*Source material*:
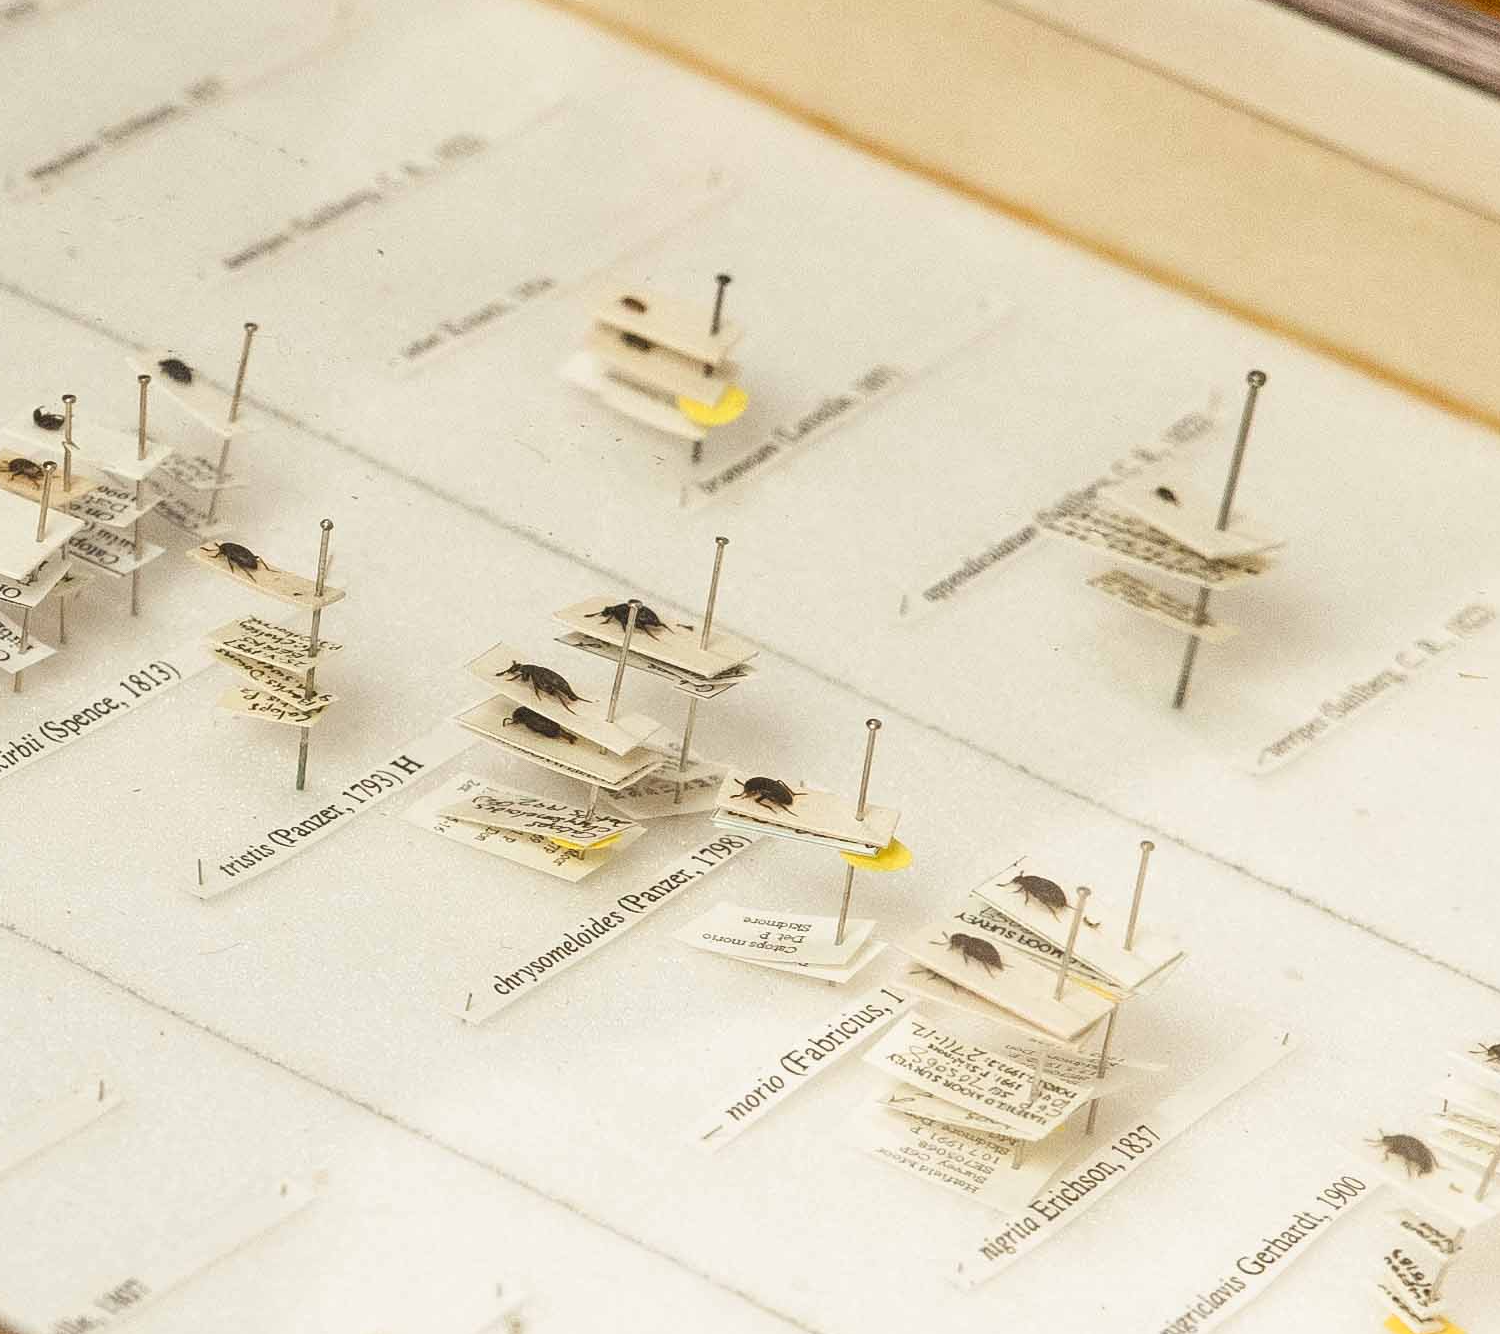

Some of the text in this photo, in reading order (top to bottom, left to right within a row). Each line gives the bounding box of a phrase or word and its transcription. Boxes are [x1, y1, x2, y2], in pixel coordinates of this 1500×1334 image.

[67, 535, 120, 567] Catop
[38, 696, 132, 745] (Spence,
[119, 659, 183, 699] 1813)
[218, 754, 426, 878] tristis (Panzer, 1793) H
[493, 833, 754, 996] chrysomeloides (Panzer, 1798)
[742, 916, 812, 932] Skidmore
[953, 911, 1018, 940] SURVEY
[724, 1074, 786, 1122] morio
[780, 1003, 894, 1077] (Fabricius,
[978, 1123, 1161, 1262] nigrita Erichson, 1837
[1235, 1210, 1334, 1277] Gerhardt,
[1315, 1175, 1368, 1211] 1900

*Problem requirements*: Each entry is to be written out again word for word, and any pictures are to be omitted.

*Completed exercise*:
Some of the text in this photo, in reading order (top to bottom, left to right within a row). Each line gives the bounding box of a phrase or word and its transcription. Boxes are [x1, y1, x2, y2], in pixel coordinates of this 1500×1334 image.

[67, 535, 120, 567] Catop
[38, 696, 132, 745] (Spence,
[119, 659, 183, 699] 1813)
[218, 754, 426, 878] tristis (Panzer, 1793) H
[493, 833, 754, 996] chrysomeloides (Panzer, 1798)
[742, 916, 812, 932] Skidmore
[953, 911, 1018, 940] SURVEY
[724, 1074, 786, 1122] morio
[780, 1003, 894, 1077] (Fabricius,
[978, 1123, 1161, 1262] nigrita Erichson, 1837
[1235, 1210, 1334, 1277] Gerhardt,
[1315, 1175, 1368, 1211] 1900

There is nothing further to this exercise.